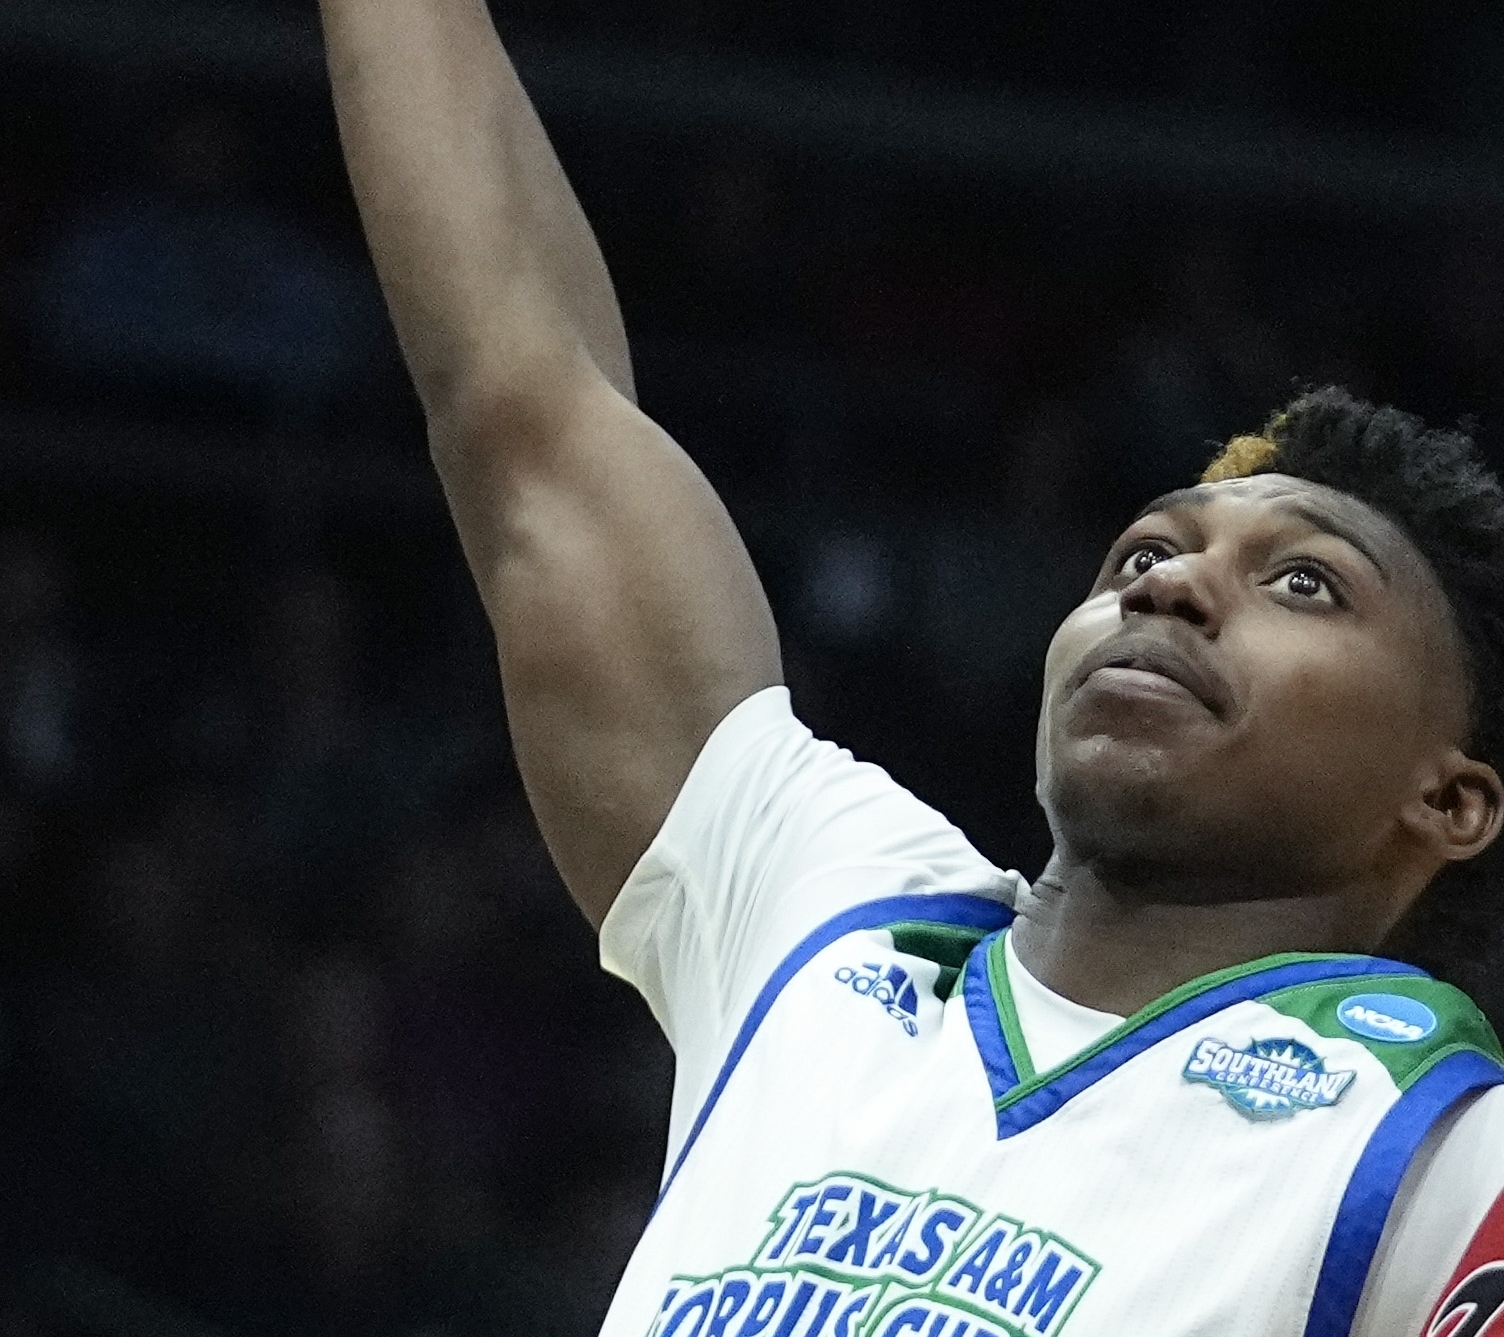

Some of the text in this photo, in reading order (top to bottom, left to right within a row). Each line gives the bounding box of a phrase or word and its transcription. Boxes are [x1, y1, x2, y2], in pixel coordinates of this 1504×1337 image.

[833, 966, 919, 1037] adidas
[1344, 1005, 1424, 1040] NCAA
[1188, 1039, 1353, 1101] SOUTHLAND
[766, 1183, 1085, 1336] TEXAS A&M
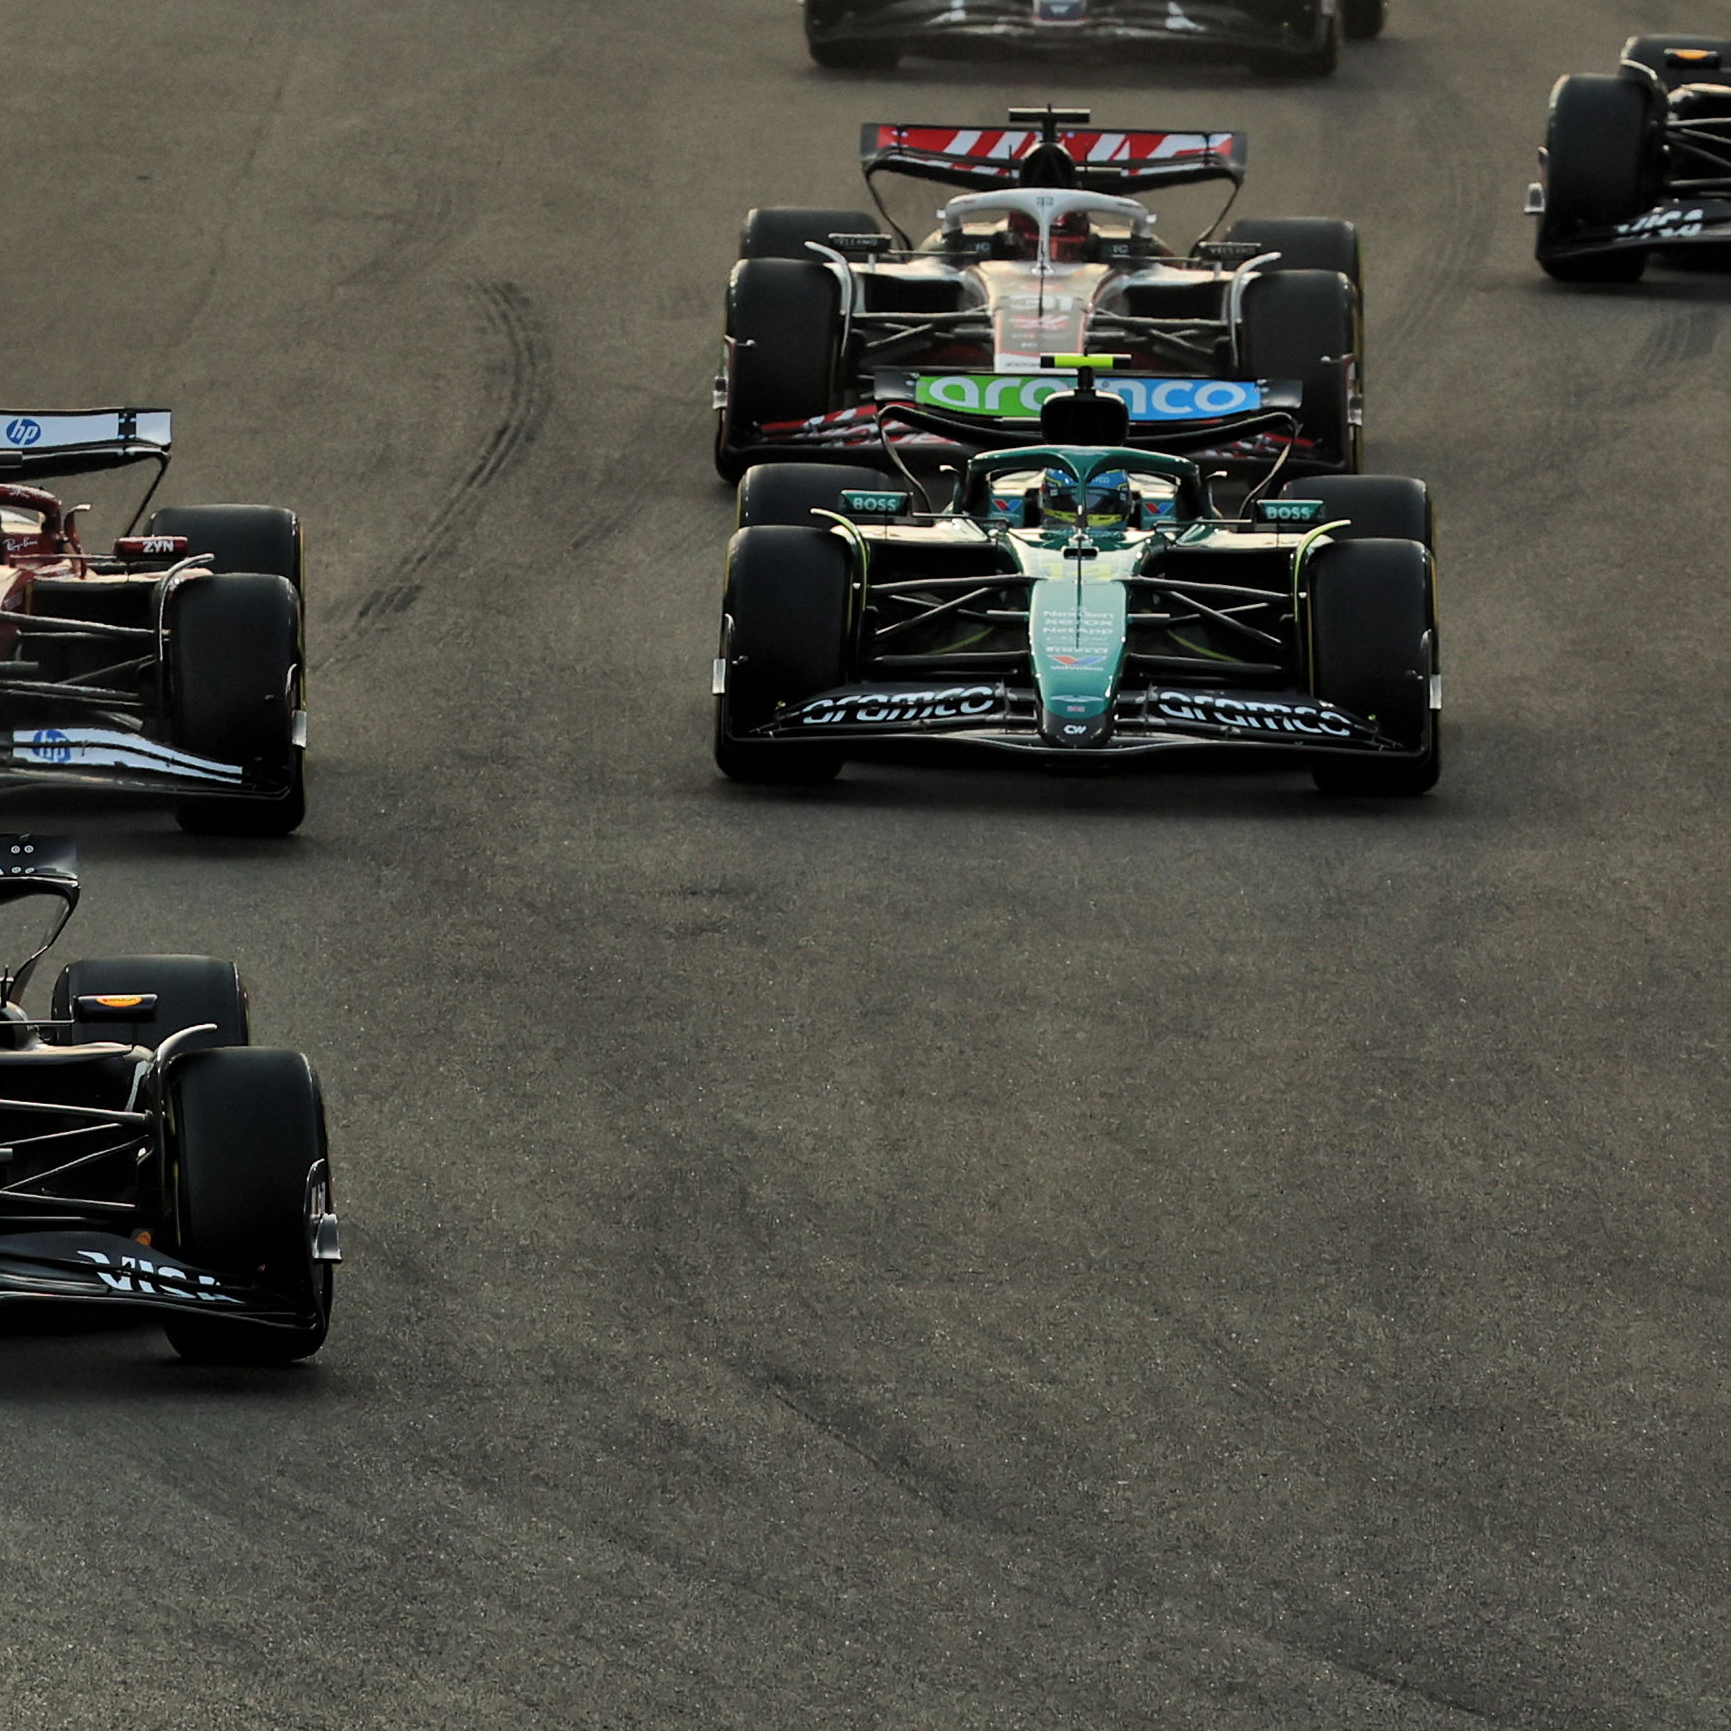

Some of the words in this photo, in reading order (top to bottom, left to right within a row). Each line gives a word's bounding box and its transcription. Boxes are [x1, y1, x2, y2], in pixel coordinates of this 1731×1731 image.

[10, 419, 39, 445] hp
[853, 497, 897, 511] BOSS
[1266, 506, 1311, 520] BOSS
[143, 540, 175, 553] ZYN
[801, 686, 994, 724] aramco
[1159, 691, 1351, 737] aramco
[77, 1248, 246, 1305] VISA
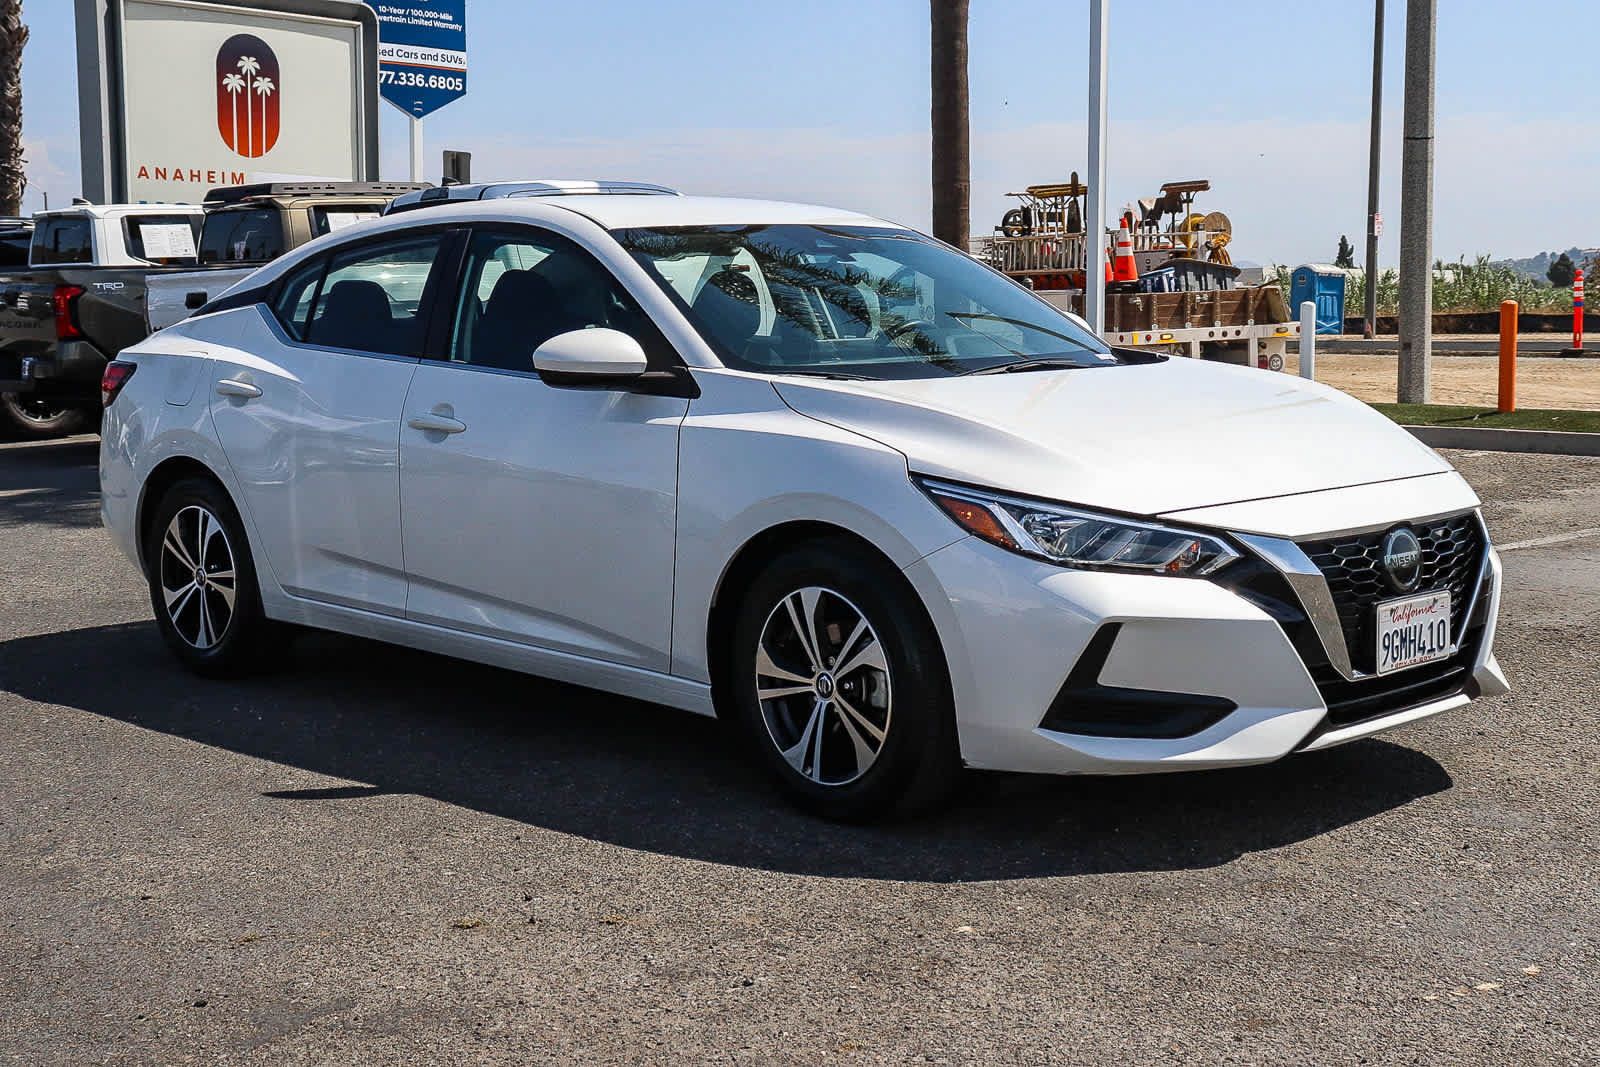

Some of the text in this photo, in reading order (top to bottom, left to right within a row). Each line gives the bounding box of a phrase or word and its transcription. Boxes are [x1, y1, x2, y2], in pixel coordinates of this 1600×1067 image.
======
* [Activity] Would you return the records exactly as written, minus any image?

* [Task answer]
Some of the text in this photo, in reading order (top to bottom, left to right within a row). Each line gives the bounding box of a phrase or word and its transcription. Boxes are [x1, y1, x2, y2], in pixel coordinates of this 1504×1337 image.

[833, 966, 919, 1037] adidas
[1344, 1005, 1424, 1040] NCAA
[1188, 1039, 1353, 1101] SOUTHLAND
[766, 1183, 1085, 1336] TEXAS A&M

Some of the words in this photo, in reading order (top to bottom, left to right within a row). Each line gives a word's bounding box and its transcription. Boxes are [x1, y1, x2, y2], in pixel coordinates of this 1731×1731 image.

[10, 419, 39, 445] hp
[853, 497, 897, 511] BOSS
[1266, 506, 1311, 520] BOSS
[143, 540, 175, 553] ZYN
[801, 686, 994, 724] aramco
[1159, 691, 1351, 737] aramco
[77, 1248, 246, 1305] VISA

Some of the text in this photo, in reading order (top to bottom, left to right within a row). Each line gives the bounding box of a phrase or word and its transcription. Boxes are [x1, y1, x2, y2], in pixel coordinates of this 1600×1067 image.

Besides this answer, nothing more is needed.